By comparison, most of the music I’ve discovered on Bandcamp has been anything but forgettable. Not always to my taste, perhaps, but definitely feeling like it has been put together by human beings rather than machines. And with Bandcamp, the artists have a voice on the page, they can tell you the why, what, when and how of the composition and recording. On streaming platforms, you might get an artist bio if you’re lucky, though not written by the artist but by a journalist or (more likely) a staffer at the platform. But forget about liner notes, or any information about individual albums or tracks.

‘I get better sleep’: the people who quit social media

Soo Youn is considering giving up the apps. She speaks to those who have already taken the plunge – with liberating results

This piece from the Guardian has been sat in my to-blog list for a while. It’s fascinating not so much for the positive effects of walking away from social media — most of which I already know of from personal experience — as the reactions of others.

I’m deliberately quoting just these parts, because I find them insightful and uplifting. The article also contains quotes of some of the negative effects of social media that people experienced before walking away, so if you want to read the original article, consider yourselves duly warned.

Morgan Richardson, 30, nurse in a Covid unit in Los Angeles. Has no social media.

Man, the stories I could tell you of being a young woman with no social media. People get crazy, they get so mad at me!

I have a partner, but when I was dating, people thought I was a catfish because I don’t have social media. I’m fairly good-looking and people would think: “She’s lying, she just has secret accounts that she uses to stalk people with, she is self-absorbed.” No, I just don’t have social media. They don’t even ask me why.

Brian Markowski, 39, cybersecurity expert and host of the Sovryn Tech podcast in Portsmouth, New Hampshire.

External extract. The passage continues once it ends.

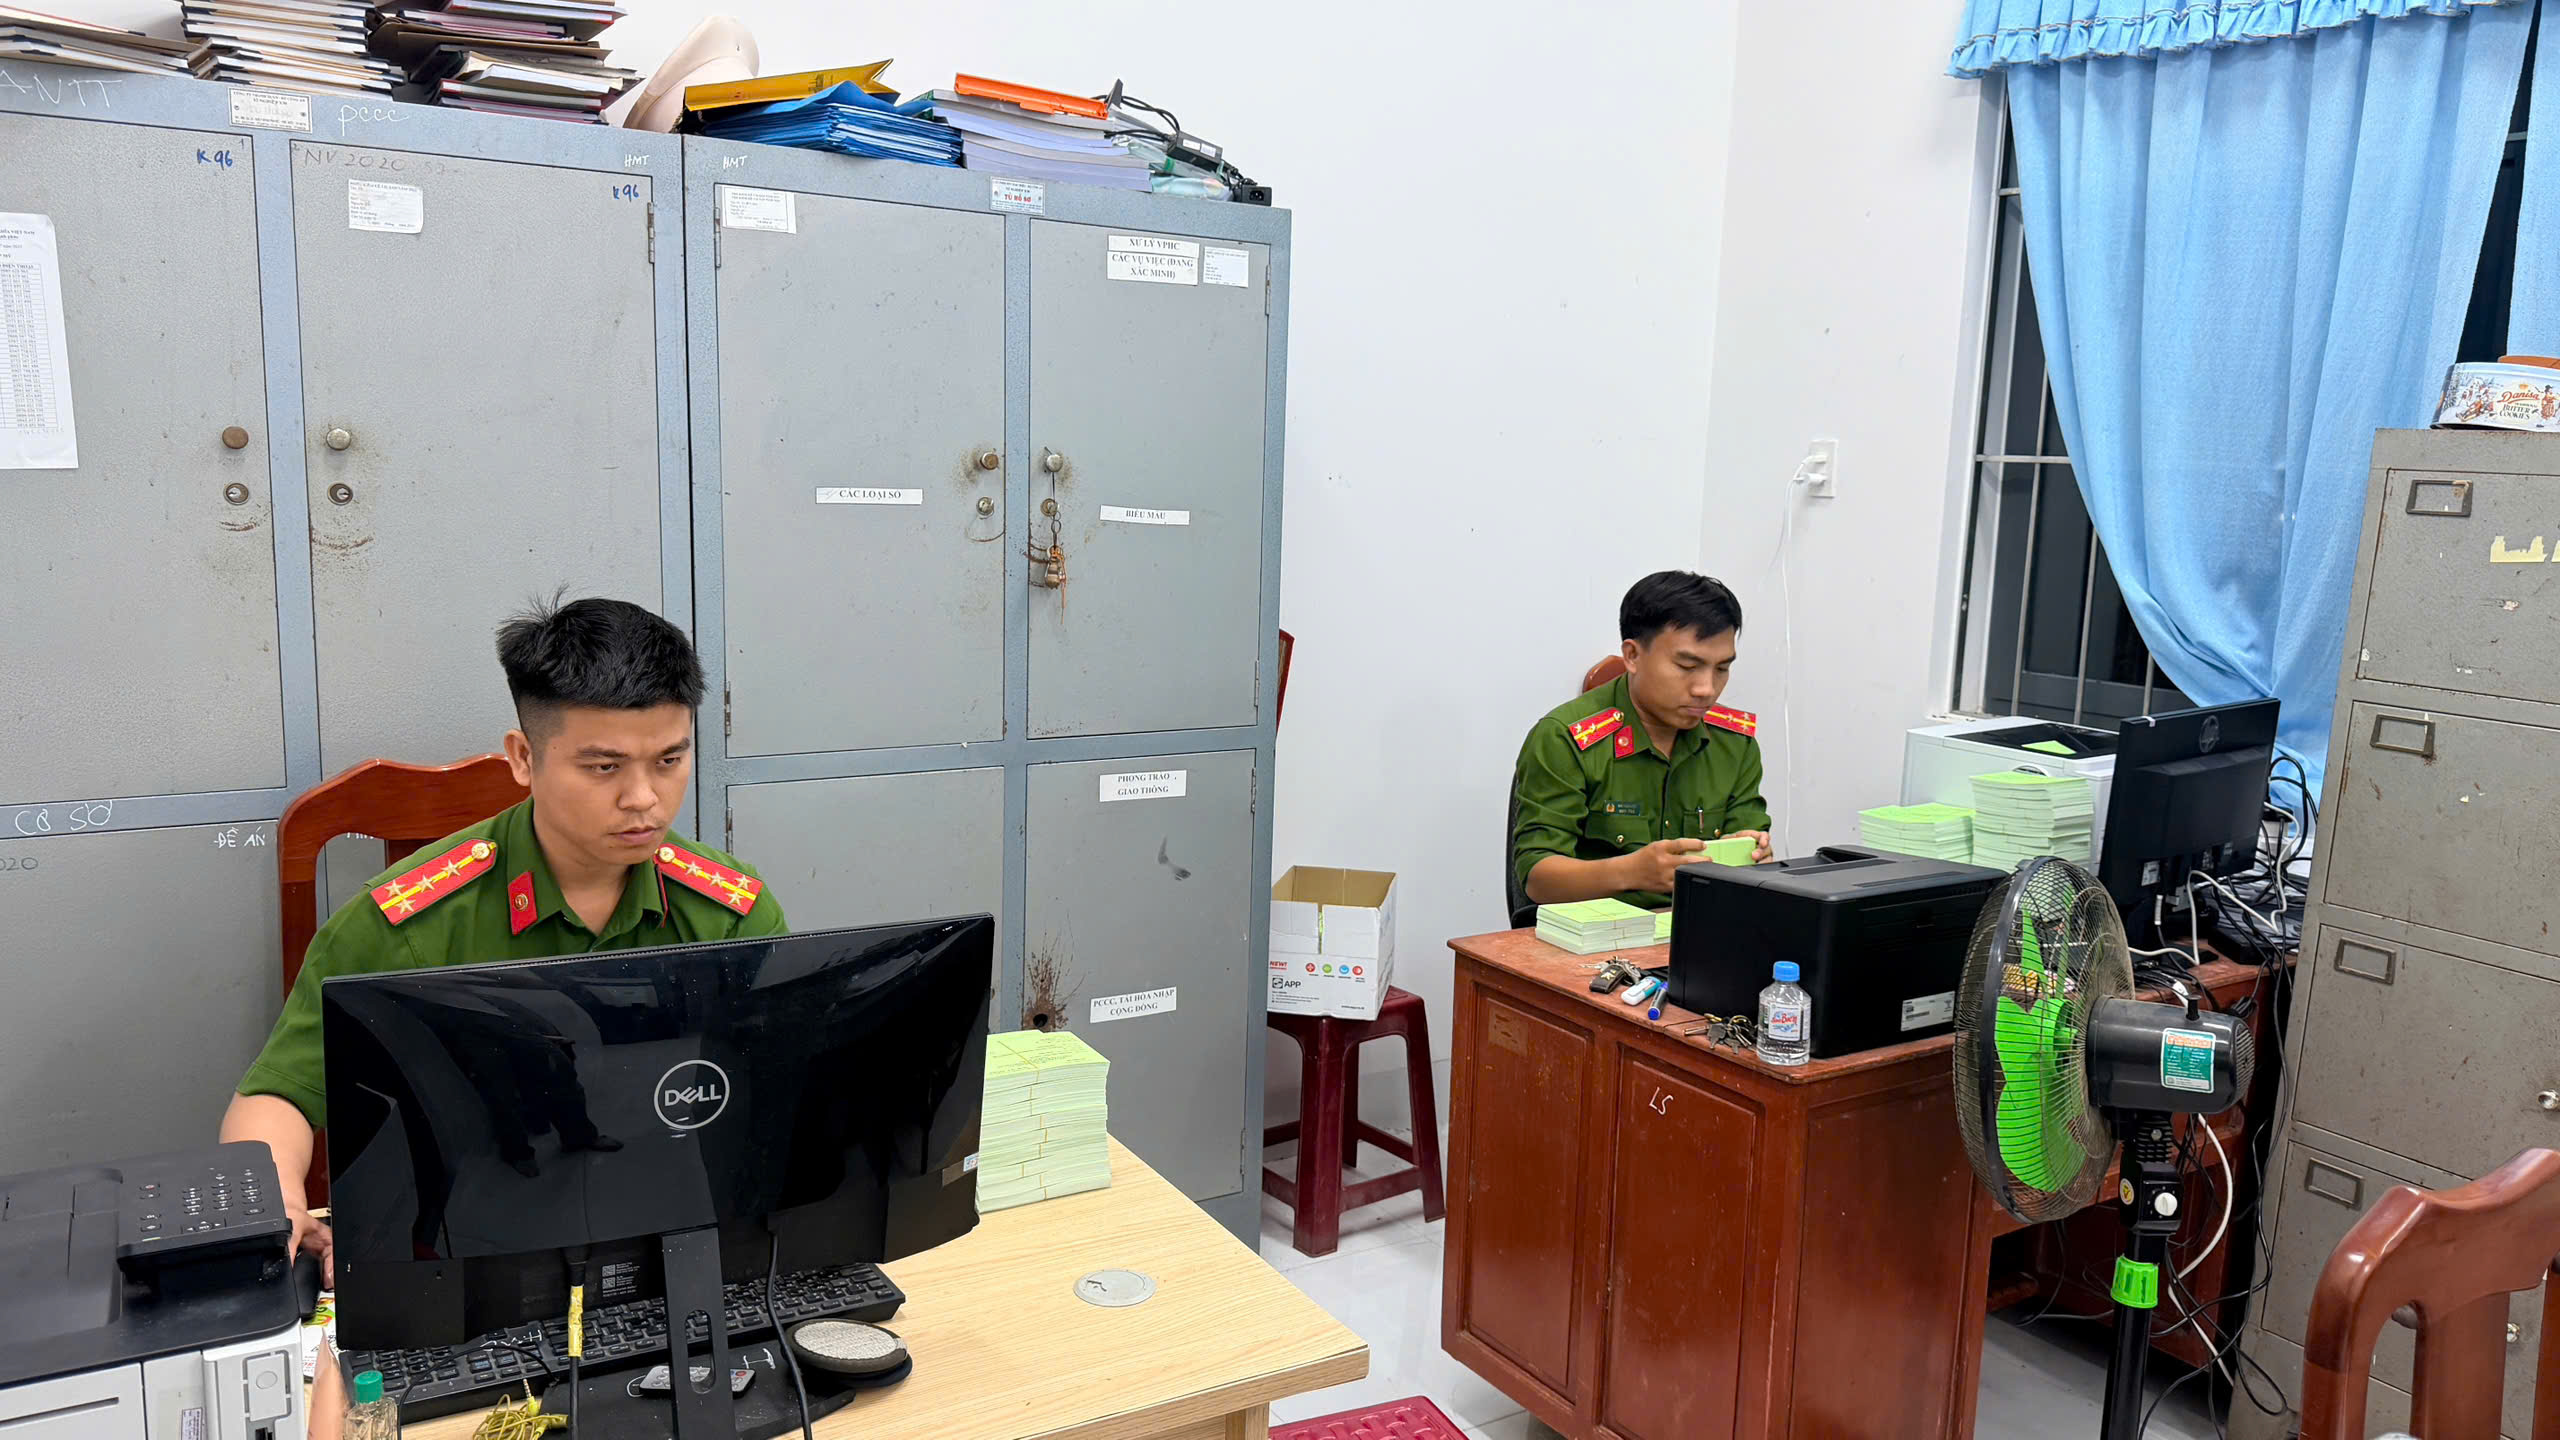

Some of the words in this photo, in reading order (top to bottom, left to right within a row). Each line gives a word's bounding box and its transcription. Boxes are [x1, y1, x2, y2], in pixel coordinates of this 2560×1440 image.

Gave up all social media.


When I would talk to people in real life, a lot of them would be saying: “Hey, did you see what this person said on Twitter?” or “Did you see what this person said on Facebook?” It was really shocking, because the online life ultimately means nothing. I could ask them: “Do you remember what you tweeted five minutes ago?” Nobody could remember.

Aden Capps, 21, English major at the University of California, Berkeley. Went from an iPhone 6 to a flip phone.


I’m not currently dating, but I have had relationships while using a flip phone. If anything, it’s been a positive thing.


Dating offline now is as challenging as it was for my dad. That’s how I think of it. But I feel like it’s just the right way to do it. It just rings truer.

I think people are kind of taken back sometimes [being approached in person] because it is an older way of doing it, but I think it’s sincere enough. It’s just a natural thing. Maybe it’s a good thing, being approached by someone who’s talking to you with their face right in front of you.

In Facebook’s alternate reality, a town square is a place for the free expression of views, where people and communities come together to find a sense of common purpose and belonging. Facebook’s living room, by the same logic, is a more intimate, personal version of this. In reality, Facebook’s town square is a place where people are ruthlessly surveilled, where hopes and dreams are turned into data profiles and sold to the highest bidder. It is a town square where all the white supremacists get handed free megaphones. In Facebook’s digital living room, your every utterance is used to sell you weird trousers or encourage you to join a group campaigning to “stop white genocide in Suid Afrika”.

James Temperton, Facebook’s Australia news ban is the best decision it’s ever made

I’ve used VLC occasionally for years, on both macOS and Windows. So it was quite a surprise to discover, via this retrospective article, that the veteran media streaming and playback app only reached either platform because someone decided to port it themselves!